Use uma chama aberta para aquecer o envoltório de encolhimento para fixar a agulha de vidro na agulha de metal. Para fixar ainda mais a agulha e evitar possíveis vazamentos, corte um comprimento adicional de envoltório de envoltório para aproximadamente 40 mm, e deslize-a cuidadosamente sobre a agulha de vidro para sobrepor a base da agulha de vidro e a agulha metálica da seringa. Use uma chama aberta para aquecer o envoltório de encolhimento para fixar a agulha de vidro na agulha de metal.
Em seguida, use a tesoura para aparar a agulha de vidro para que a ponta tenha aproximadamente 8 mm de comprimento. Para testar a agulha, encha uma seringa de 1 mL com uma agulha de calibre 26 presa com água destilada. Remova o êmbolo metálico da seringa de agulha de vidro personalizada e insira a agulha da seringa cheia de água na base da seringa personalizada.

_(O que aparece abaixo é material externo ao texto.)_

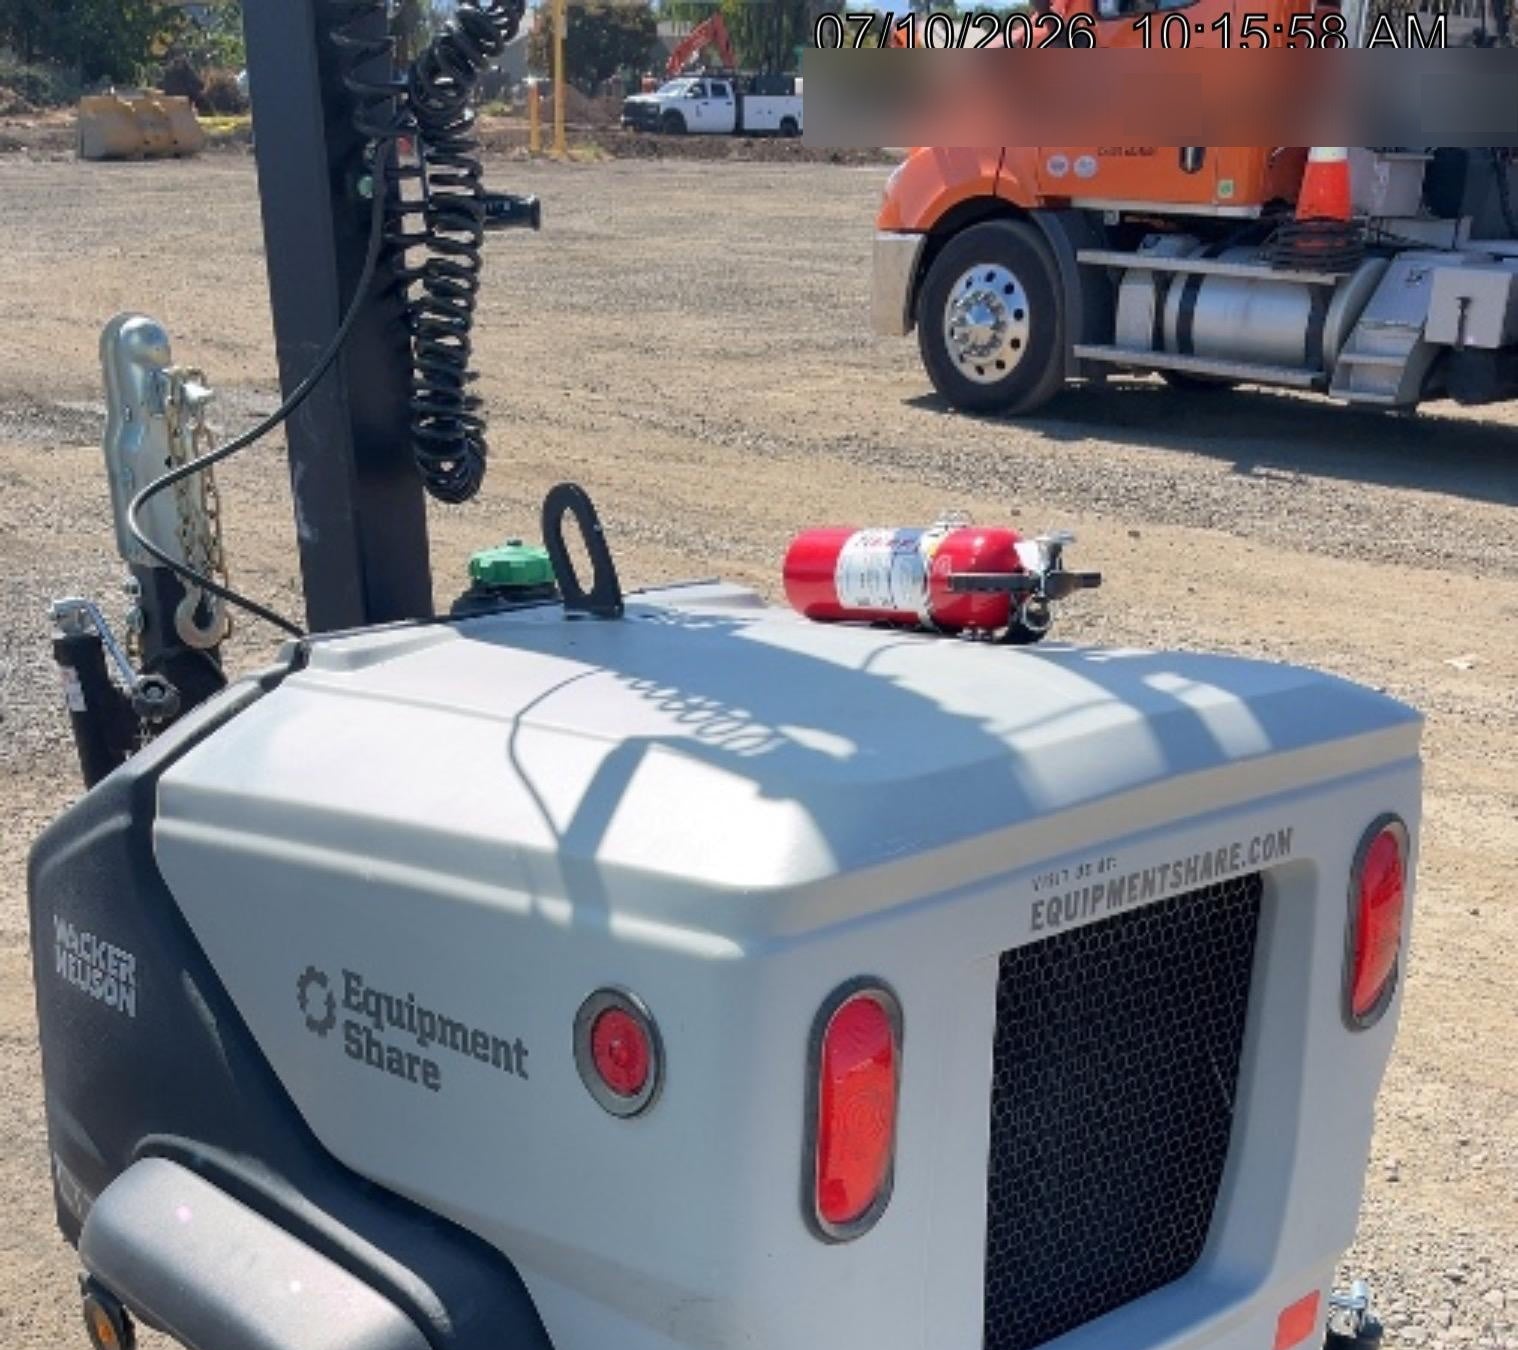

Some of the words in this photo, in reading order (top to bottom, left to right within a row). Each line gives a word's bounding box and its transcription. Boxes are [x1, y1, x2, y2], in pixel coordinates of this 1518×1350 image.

[1030, 827, 1294, 931] EQUIPMENTSHARE.COM
[52, 913, 136, 985] WACKER
[56, 944, 137, 1018] NEUSON
[341, 967, 529, 1080] Equipment
[342, 1018, 442, 1092] Share

Inspecione a interface da agulha de vidro e a agulha de metal para vazamentos e confirme um fluxo constante de água. Em seguida, encha um tubo de micro centrífuga com água destilada. Use a seringa de agulha de vidro personalizada para desenhar na água destilada.

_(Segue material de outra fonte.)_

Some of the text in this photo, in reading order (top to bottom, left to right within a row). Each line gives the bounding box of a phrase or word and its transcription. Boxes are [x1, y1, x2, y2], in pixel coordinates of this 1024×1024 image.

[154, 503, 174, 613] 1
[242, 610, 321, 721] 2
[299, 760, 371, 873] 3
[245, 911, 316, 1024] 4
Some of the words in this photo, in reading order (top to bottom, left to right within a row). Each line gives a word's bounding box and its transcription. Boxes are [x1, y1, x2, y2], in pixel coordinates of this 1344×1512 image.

Inspecione a agulha para confirmar que o líquido está sendo levado para a seringa e que não há bolhas. Se houver bolhas, ou se a água não estiver sendo redigida na agulha, aparar a agulha pode ajudar a aliviar a pressão. Depois disso, armazene cuidadosamente a seringa com as agulhas de vidro presas, nas caixas de seringa até que seja necessário para cirurgias.

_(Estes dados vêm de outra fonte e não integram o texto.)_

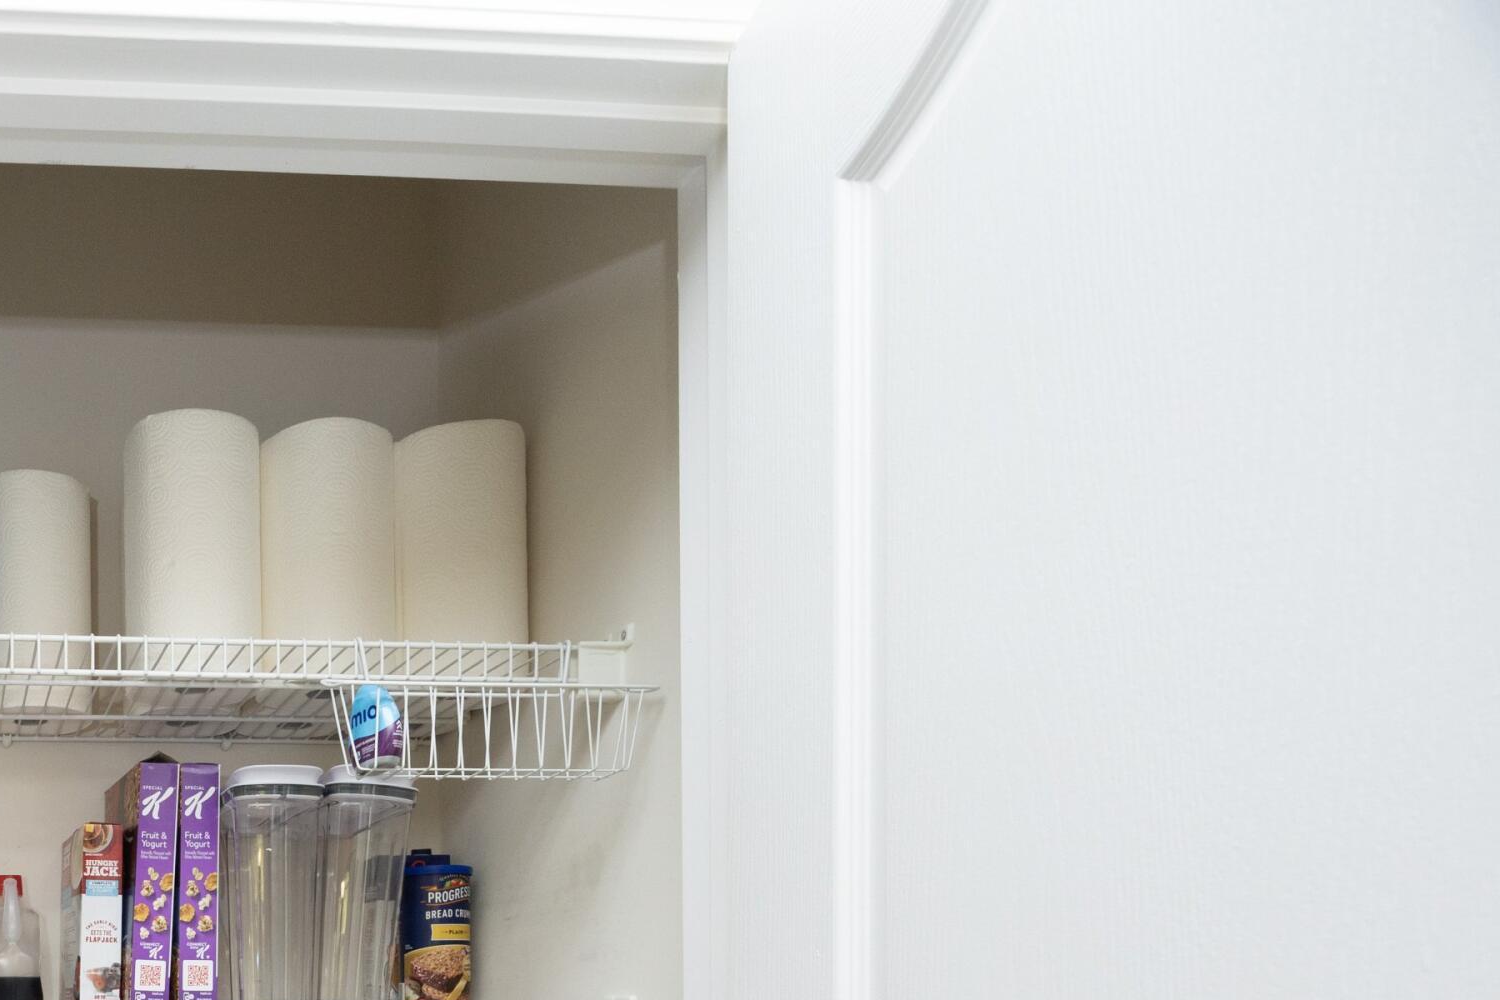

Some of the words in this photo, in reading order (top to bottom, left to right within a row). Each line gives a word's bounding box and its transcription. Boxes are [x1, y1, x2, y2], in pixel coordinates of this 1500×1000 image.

[351, 704, 378, 729] mio
[142, 786, 174, 820] K
[184, 786, 216, 820] K
[141, 830, 160, 840] Fruit
[161, 831, 168, 840] &
[184, 830, 203, 840] Fruit
[204, 831, 211, 840] &
[141, 839, 168, 850] Yogurt
[184, 839, 211, 850] Yogurt
[85, 859, 119, 867] HUNGRY
[83, 866, 119, 877] JACK
[425, 908, 453, 920] BREAD
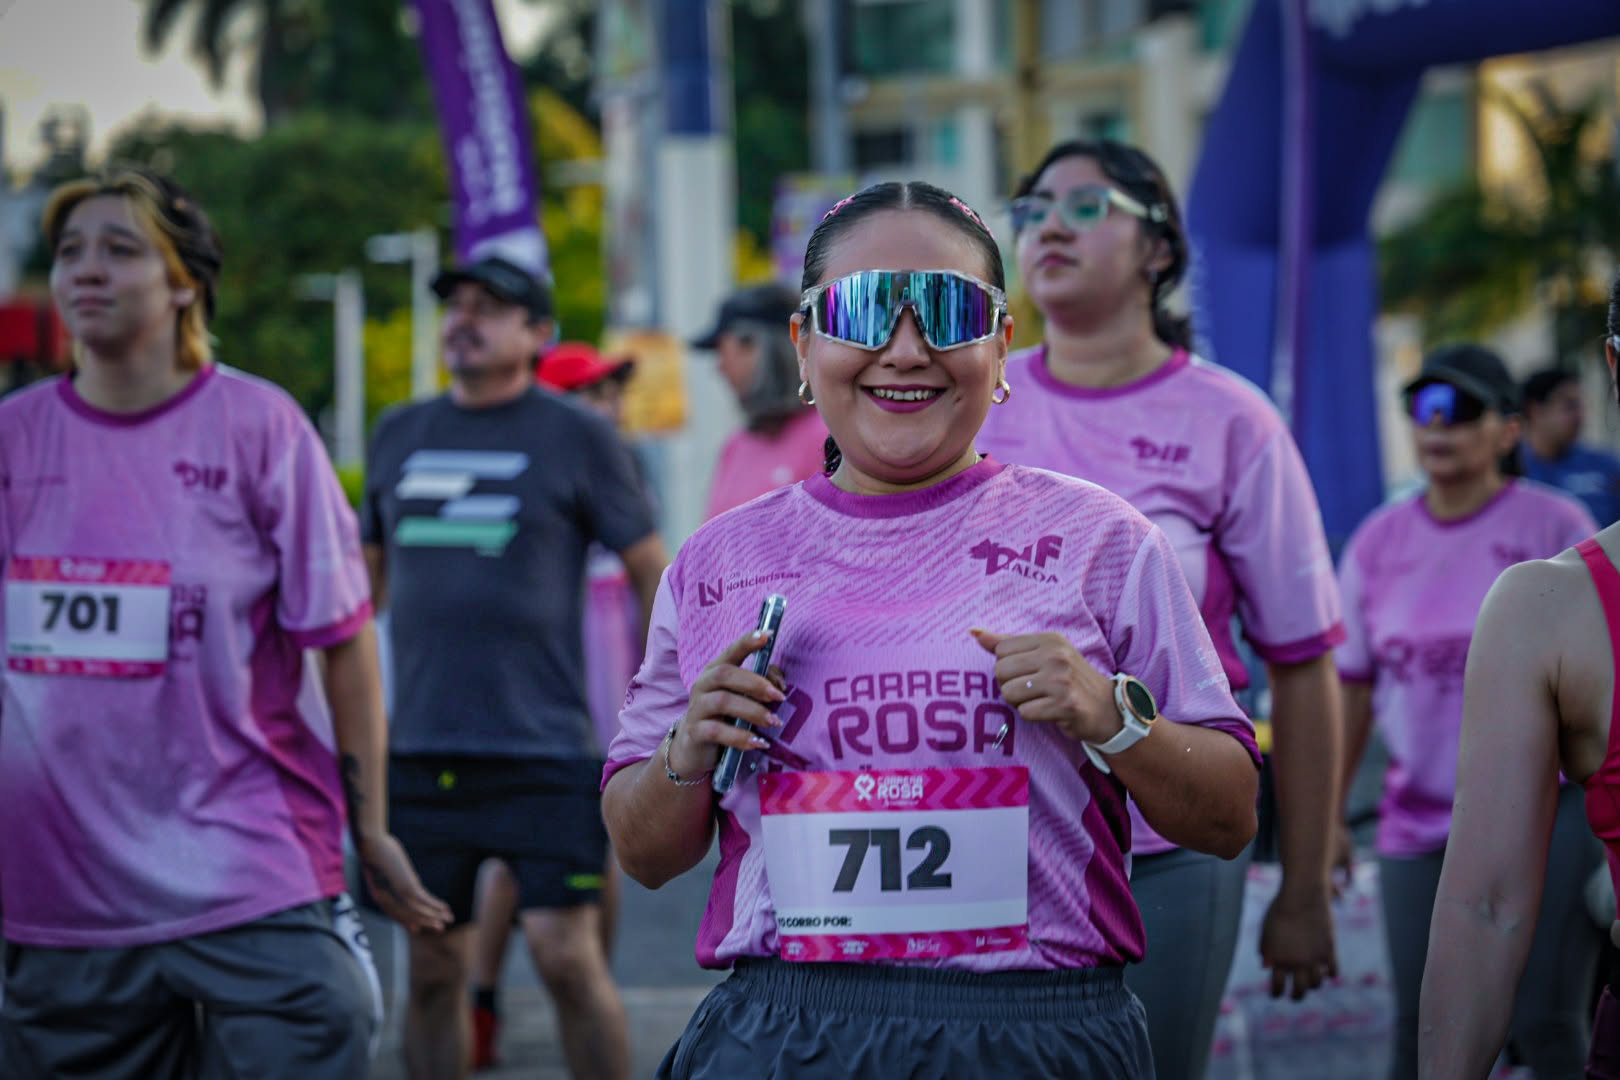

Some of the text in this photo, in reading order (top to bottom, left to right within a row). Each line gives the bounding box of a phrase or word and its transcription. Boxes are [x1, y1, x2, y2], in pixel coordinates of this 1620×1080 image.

[42, 592, 120, 635] 701
[827, 701, 1016, 760] ROSA
[877, 784, 923, 800] ROSA
[829, 825, 952, 893] 712
[786, 917, 822, 928] CORRO

O exame com microscopia eletrônica de transmissão confirma a presença de fibrilas longas. Em comparação, os monômeros alfa-sinucleína são visíveis na cevada e não têm forma perceptível. A confirmação analóide das fibrilas é então confirmada usando um Ensaio Thioflavvin T.
Um ensaio representativo mostra que os monômeros dPBS e mouse produzem um sinal menor em unidades relativas de farinha em comparação com pffs. Monômero alfa-sinucleína humano produz um sinal semelhante ao monômero do mouse. Enquanto os PFFs humanos também produzem um sinal maior do que os monômeros.
Para avaliar a presença de fibrilas pelitáveis, é realizado um ensaio de sedimentação. Tanto nas amostras de PFF do camundongo quanto do humano, a infração superata deve ter mais proteína na pelota do que o supernante. Em contraste, a maioria da proteína do camundongo e dos monômeros humanos está presente no supernante com pouco presente na pelota.
Tanto os PFFs do mouse quanto do humano são sonicados para produzir PFFs de comprimentos apropriados para semeadura de inclusões de sinucleína alfa. Um exame abrangente de aproximadamente 500 fibrilas revela que o comprimento médio das fibrilas do rato é de aproximadamente 44 nanômetros. Com 86,6% dos PFFs medindo 60 nanômetros ou menos.
Os PFFs humanos, no entanto, têm um comprimento médio de aproximadamente 55,9 nanômetros com 69,6% dos PFFs medindo 60 nanômetros ou menos. O exame in vivo da eficácia do PFF é confirmado por meio da imunohistoquímica. Inclusões formadas na substantia nigra, compartilham propriedades semelhantes aos corpos de Lewy, na forma de conter sinucleína alfa fosforilada, contêm estruturas aminloyed, e mancha com thioflavina S, e são resistentes à digestão Proteinase K.
A sônica pode expor a sônica individual a fibrilas pré-formadas aerossolizadas. Como tal, devem ser usados trajes de segurança adequados e sônicação realizada em um capô para minimizar o risco de exposição.